> **TASK DETAILS**: Set every entry down again exactly, excluding any pictures.

[Collected data]
# # # #

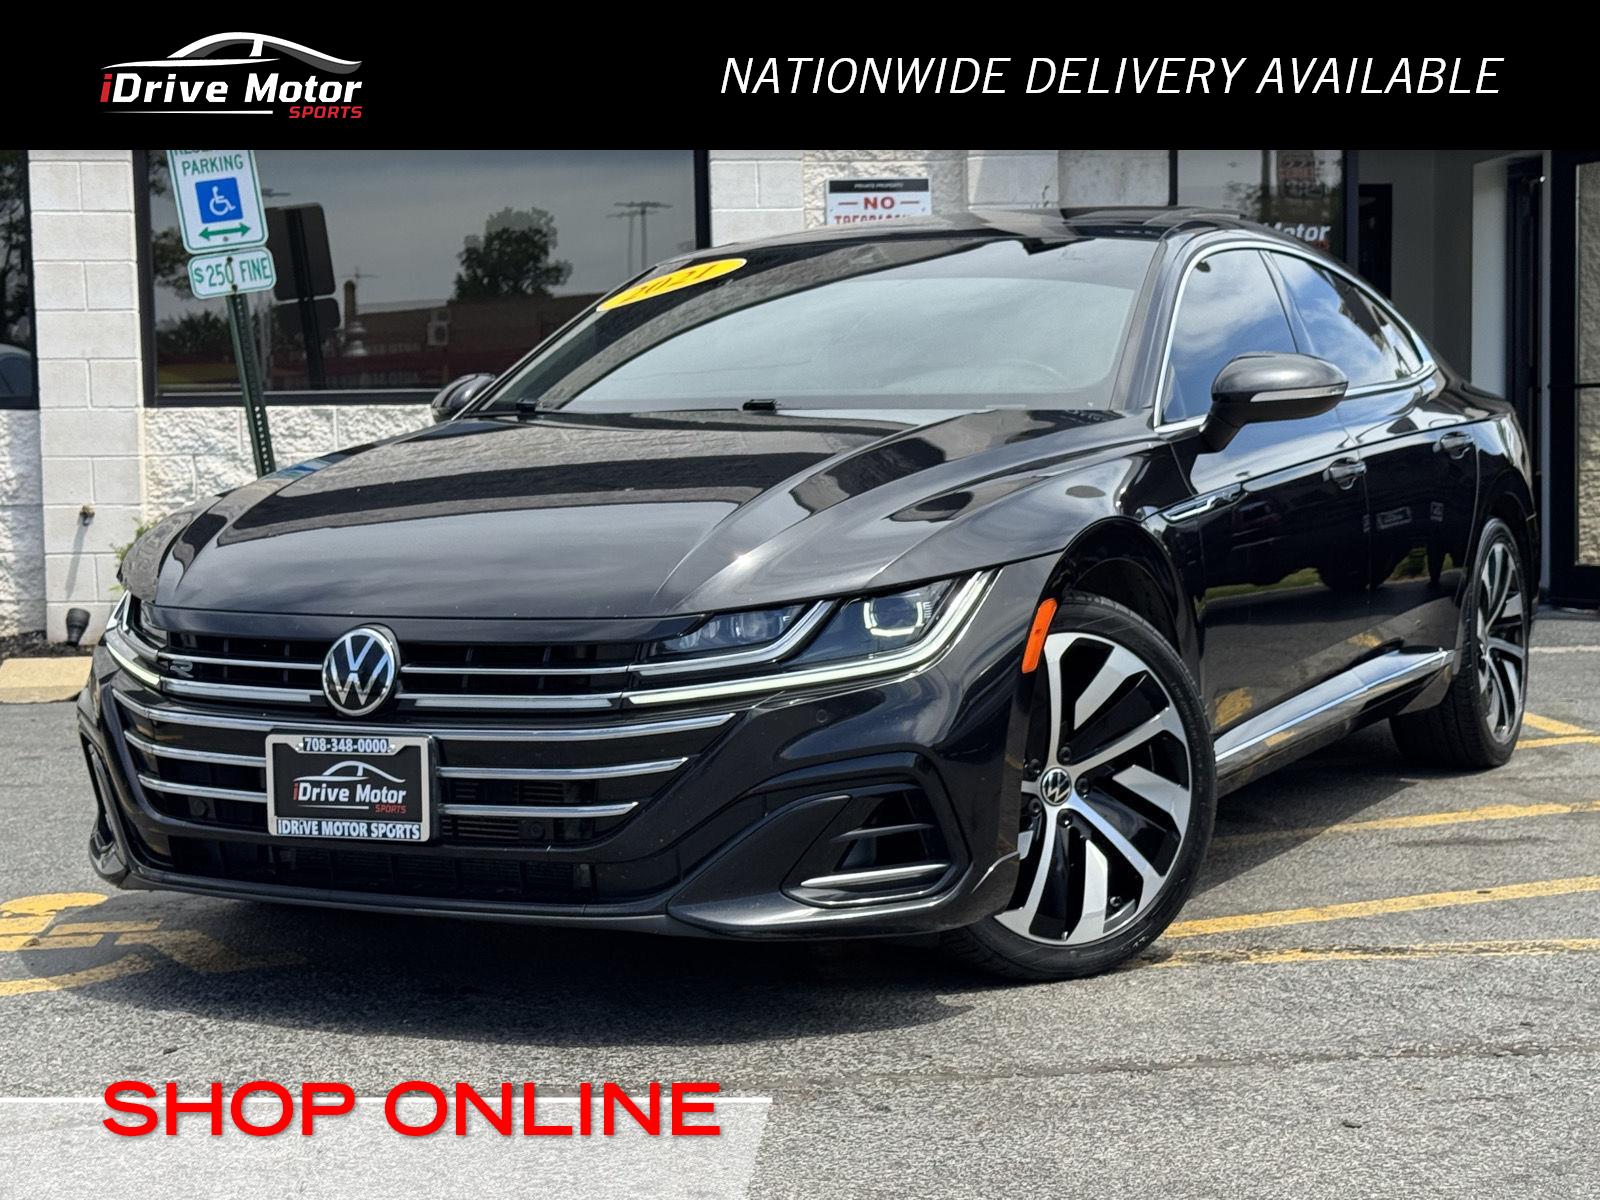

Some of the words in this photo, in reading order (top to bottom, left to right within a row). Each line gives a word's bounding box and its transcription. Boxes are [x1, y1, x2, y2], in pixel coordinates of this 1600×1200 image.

[181, 154, 244, 176] PARKING
[863, 196, 895, 210] NO
[193, 261, 235, 288] $250
[239, 257, 272, 283] FINE
[304, 737, 388, 753] 708-348-0000
[293, 782, 350, 802] iDrive
[355, 783, 407, 804] Motor
[374, 804, 408, 814] SPORTS
[321, 821, 368, 837] MOTOR
[371, 823, 420, 840] SPORTS

# # # #

> **TASK RESPONSE**:
Some of the words in this photo, in reading order (top to bottom, left to right within a row). Each line gives a word's bounding box and its transcription. Boxes are [x1, y1, x2, y2], in pixel coordinates of this 1600×1200 image.

[181, 154, 244, 176] PARKING
[863, 196, 895, 210] NO
[193, 261, 235, 288] $250
[239, 257, 272, 283] FINE
[304, 737, 388, 753] 708-348-0000
[293, 782, 350, 802] iDrive
[355, 783, 407, 804] Motor
[374, 804, 408, 814] SPORTS
[321, 821, 368, 837] MOTOR
[371, 823, 420, 840] SPORTS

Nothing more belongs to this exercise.